WHAT YOU SHOULD DO - When you write out the records, keep every word exact and drop the pictures.
══ RECORDED INFORMATION ══
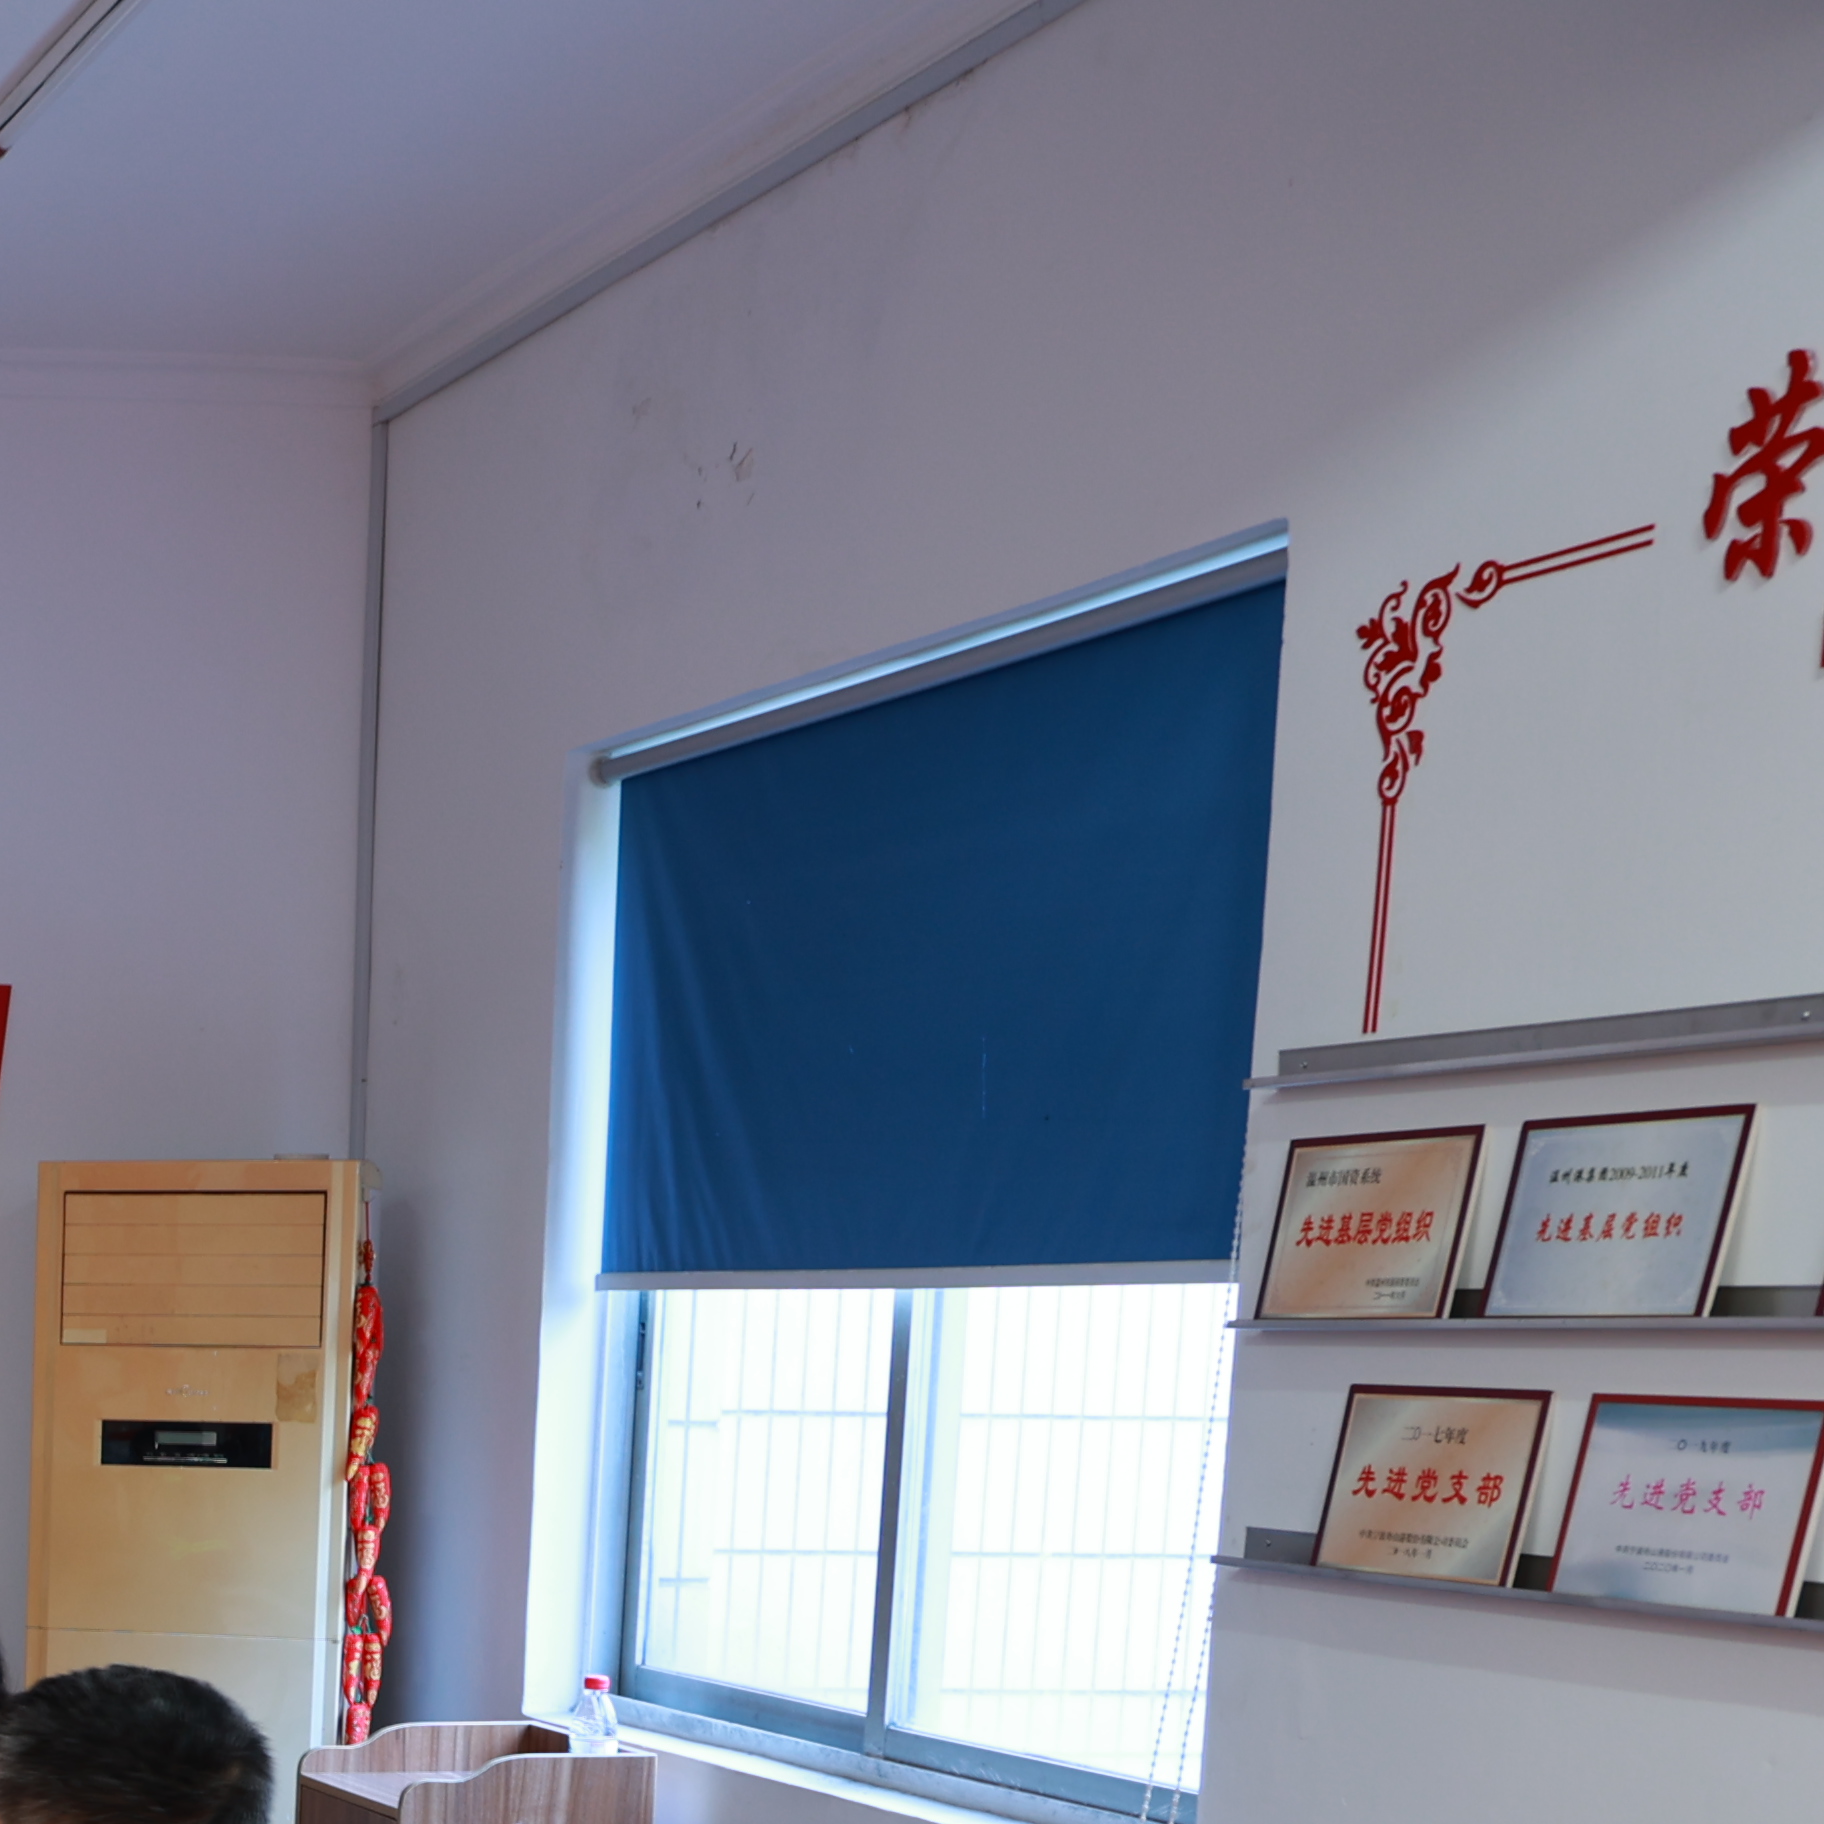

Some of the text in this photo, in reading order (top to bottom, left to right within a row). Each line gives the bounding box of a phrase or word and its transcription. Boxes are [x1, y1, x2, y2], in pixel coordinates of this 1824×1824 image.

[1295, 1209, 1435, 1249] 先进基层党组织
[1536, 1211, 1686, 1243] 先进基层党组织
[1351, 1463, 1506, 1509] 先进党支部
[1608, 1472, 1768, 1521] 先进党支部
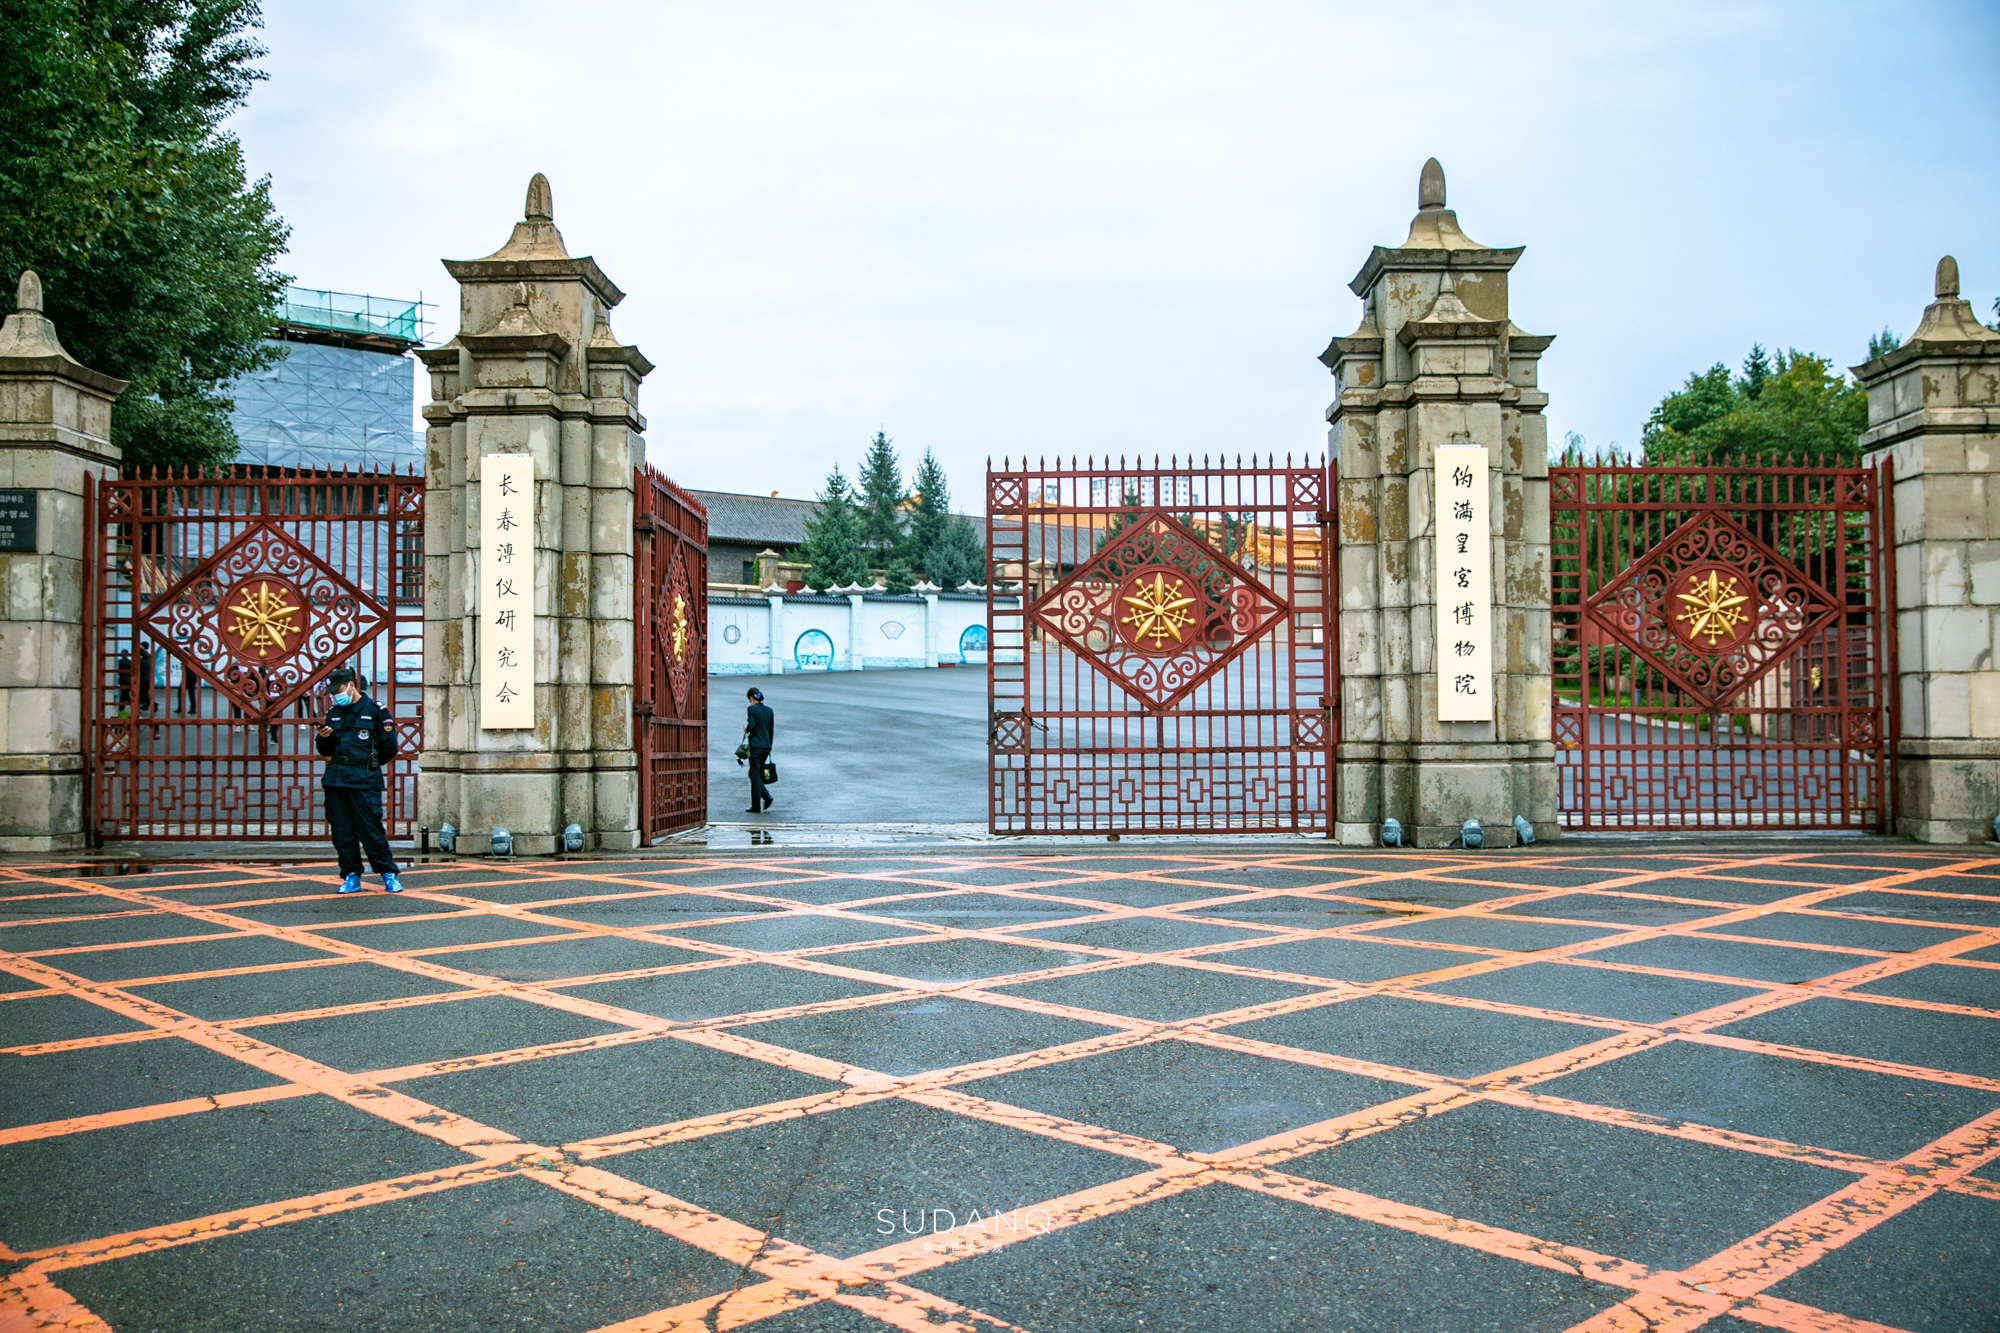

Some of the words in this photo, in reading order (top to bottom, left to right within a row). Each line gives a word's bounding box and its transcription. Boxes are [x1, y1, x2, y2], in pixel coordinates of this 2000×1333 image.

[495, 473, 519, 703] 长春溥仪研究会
═══
ANSWER AREA -
Some of the text in this photo, in reading order (top to bottom, left to right within a row). Each line gives the bounding box of a phrase or word and its transcription. Boxes are [x1, y1, x2, y2], in pixel coordinates of this 1824×1824 image.

[1295, 1209, 1435, 1249] 先进基层党组织
[1536, 1211, 1686, 1243] 先进基层党组织
[1351, 1463, 1506, 1509] 先进党支部
[1608, 1472, 1768, 1521] 先进党支部

Some of the words in this photo, in reading order (top to bottom, left to right within a row). Each line gives a word's bounding box and its transcription. Boxes are [x1, y1, x2, y2], in pixel coordinates of this 2000×1333 image.

[495, 473, 519, 703] 长春溥仪研究会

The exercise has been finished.